Anche sul fronte tasso di occupazione i risultati non sono rincuoranti. Si stima, infatti, che le donne senza figli tra i 25 e i 49 anni abbiano un tasso di occupazione del 10% più alto rispetto a quelle nella stessa fascia di età con almeno un figlio sotto i 6 anni. Questa discrepanza evidenzia come la maternità possa influenzare negativamente la partecipazione femminile al mercato del lavoro.
A confermare la discrepanza ci sono ulteriori dati che ci mostrano come 7 dimissioni su 10 siano date da donne, per lo più costrette dalla difficoltà di riuscire a conciliare il lavoro con la cura di un figlio appena nato. Il 41%, infatti, ha attribuito questa difficoltà alla mancanza di servizi di assistenza per la gestione della prole.
Infine, le donne sono spesso sottorappresentate nelle posizioni di vertice. Secondo dati recenti, solo il 27% dei manager, magistrati e ufficiali in Italia sono donne. Questa disparità nelle posizioni apicali può essere attribuita a vari fattori, tra cui stereotipi di genere, difficoltà nel conciliare vita lavorativa e familiare e una minore presenza femminile in settori tradizionalmente associati a ruoli di leadership.
Quando si parla di Diversity, Equity & Inclusion, ci si chiede per quale ragione per un’azienda sia tanto difficoltoso riuscire a raggiungere la parità di genere tra i suoi dipendenti.

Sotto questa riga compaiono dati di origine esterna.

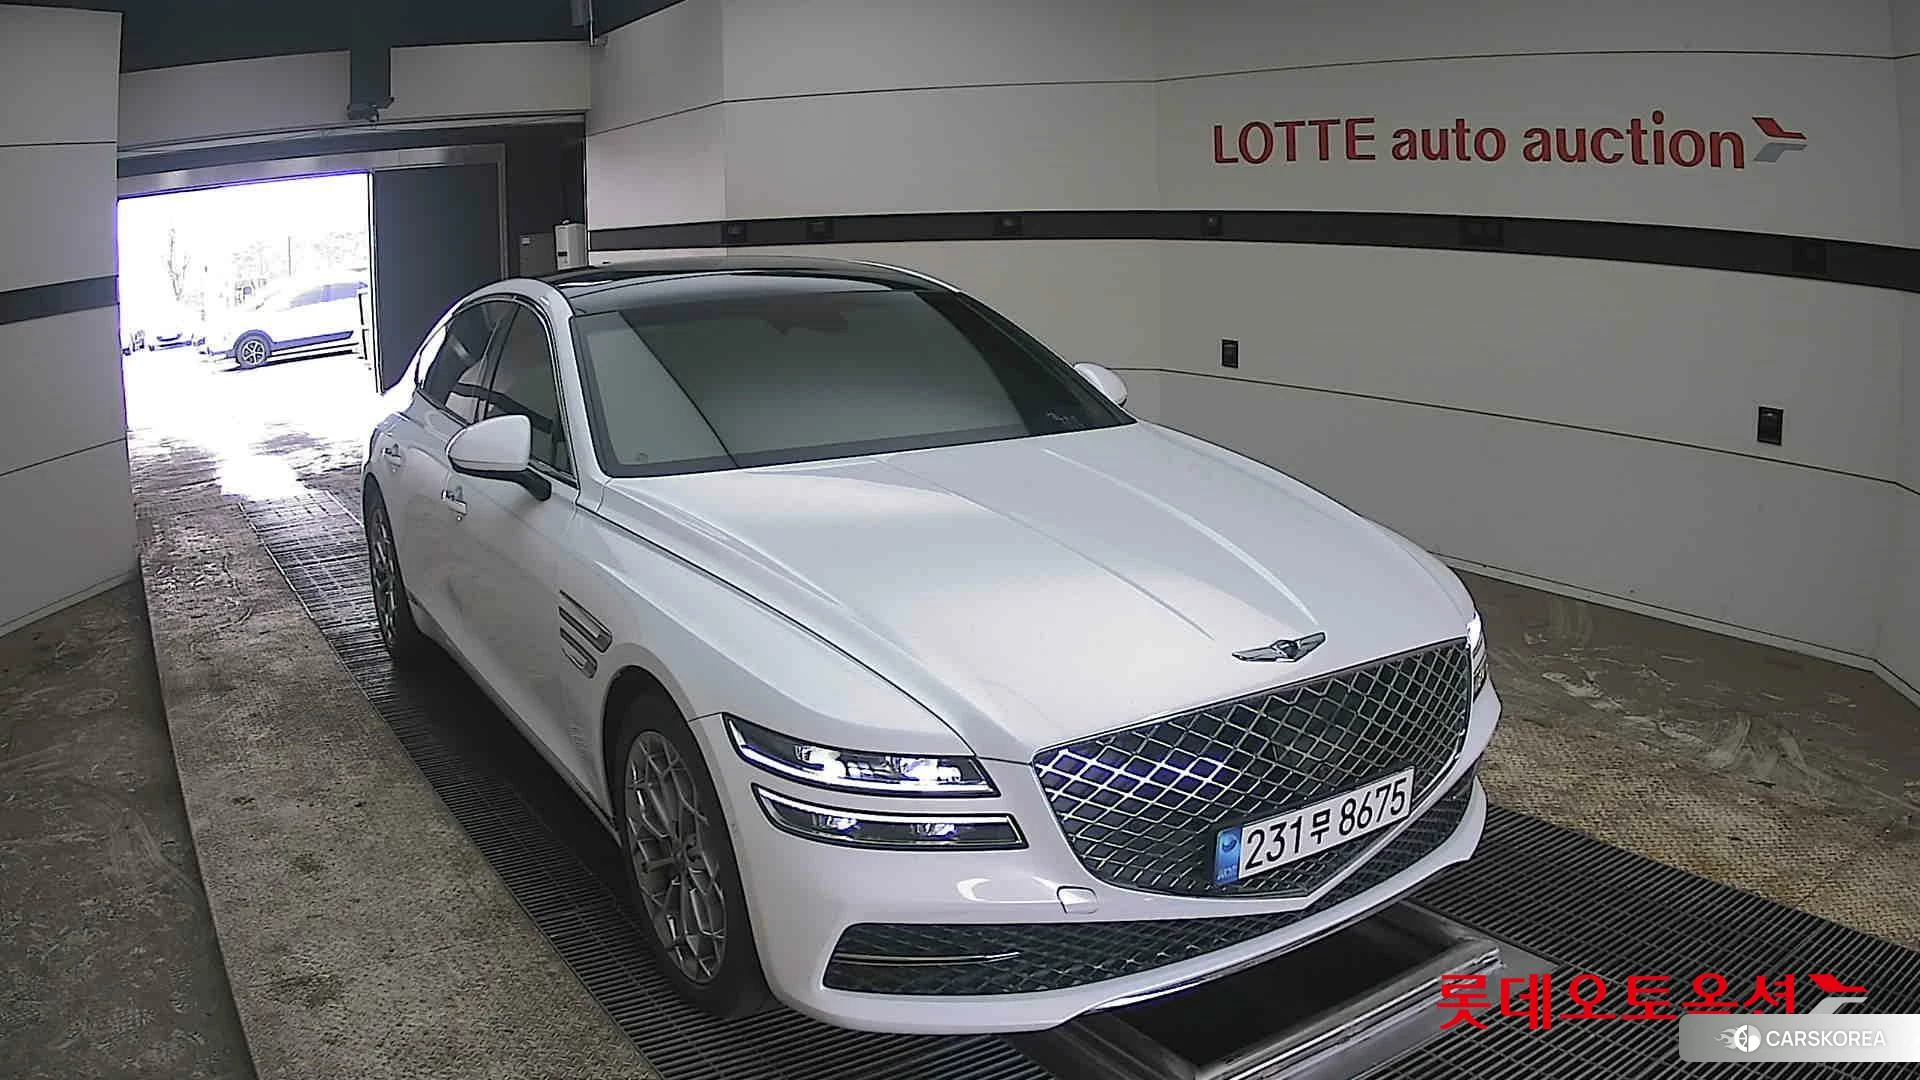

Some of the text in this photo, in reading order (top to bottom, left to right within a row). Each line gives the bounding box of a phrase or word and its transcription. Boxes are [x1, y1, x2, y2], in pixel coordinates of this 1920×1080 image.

[1213, 111, 1745, 169] LOTTE auto auction
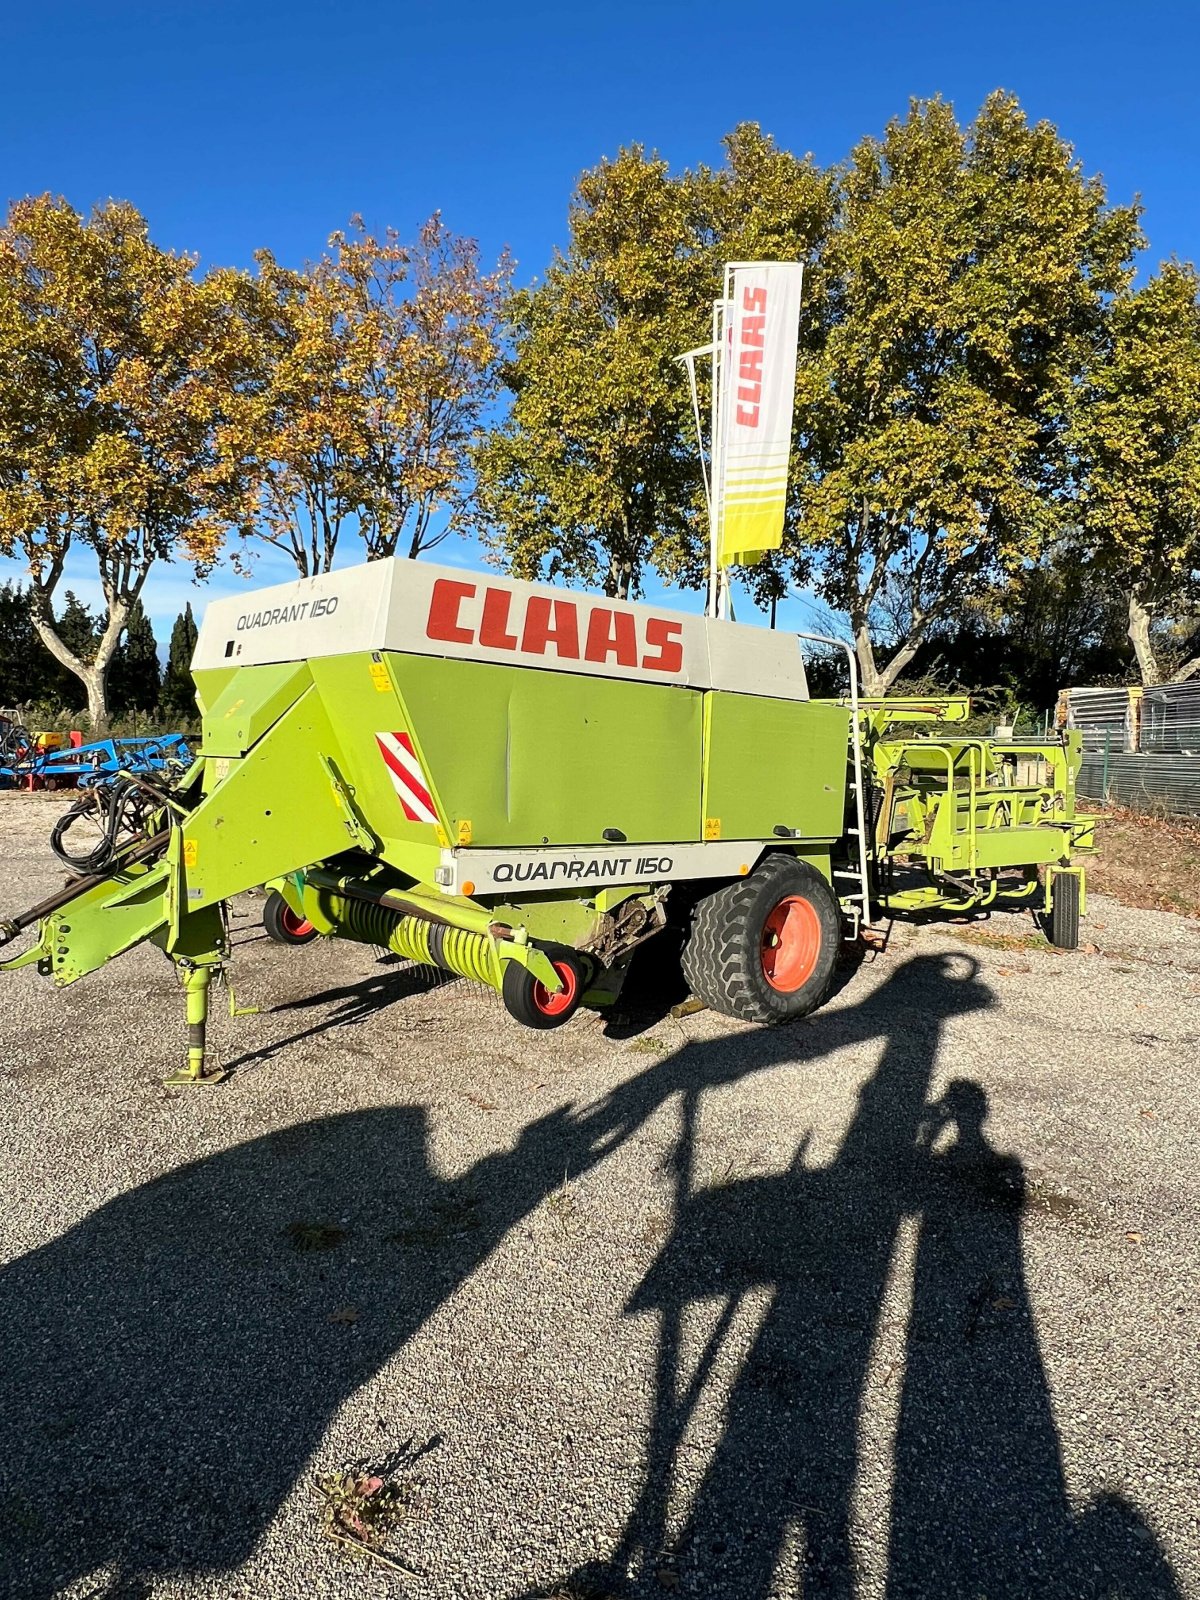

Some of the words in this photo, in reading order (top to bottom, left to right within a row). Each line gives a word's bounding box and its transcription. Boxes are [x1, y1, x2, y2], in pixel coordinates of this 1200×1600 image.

[736, 286, 768, 428] CLAAS
[236, 602, 309, 631] QUADRANT
[309, 596, 339, 618] 1150
[426, 578, 683, 673] CLAAS
[493, 858, 632, 883] QUADRANT
[635, 857, 674, 875] 1150

La motivazione principale è da ricercare proprio nei dati esposti in precedenza: per esempio, la mancanza di politiche aziendali che supportino un equilibrio tra lavoro e vita privata, come orari flessibili o servizi di assistenza all'infanzia, può scoraggiare le donne dal perseguire carriere ambiziose. Di conseguenza, potrebbero essere spinte ad accettare ruoli marginali, con una riduzione delle ore di lavoro, o persino a licenziarsi per potersi dedicare alla prole o a parenti disabili a tempo pieno.
Dunque, si spiegherebbe in parte il motivo per cui le donne tendono ad occupare posizioni con retribuzioni inferiori, spesso part-time, e sono sottorappresentate nei ruoli dirigenziali, ricoprendo solo una percentuale ridotta di queste posizioni.
Non bisogna comunque sottovalutare la persistenza di convinzioni secondo cui le donne sarebbero più adatte a ruoli legati ai servizi, alle relazioni sociali o alla cura della persona, mentre gli uomini sarebbero più idonei a posizioni tecniche o di leadership. Questi stereotipi influenzano le decisioni di assunzione e promozione, limitando le opportunità per le donne.
Inoltre, alcune organizzazioni potrebbero mostrare resistenza nell'adottare politiche di parità di genere, sia per inerzia culturale sia per timore di sconvolgere equilibri interni consolidati.
Affrontare queste sfide richiede un impegno concreto da parte delle aziende nel promuovere una cultura inclusiva, implementando politiche attive per la parità di genere e sensibilizzando tutto il personale sull'importanza di un ambiente di lavoro equo e rispettoso.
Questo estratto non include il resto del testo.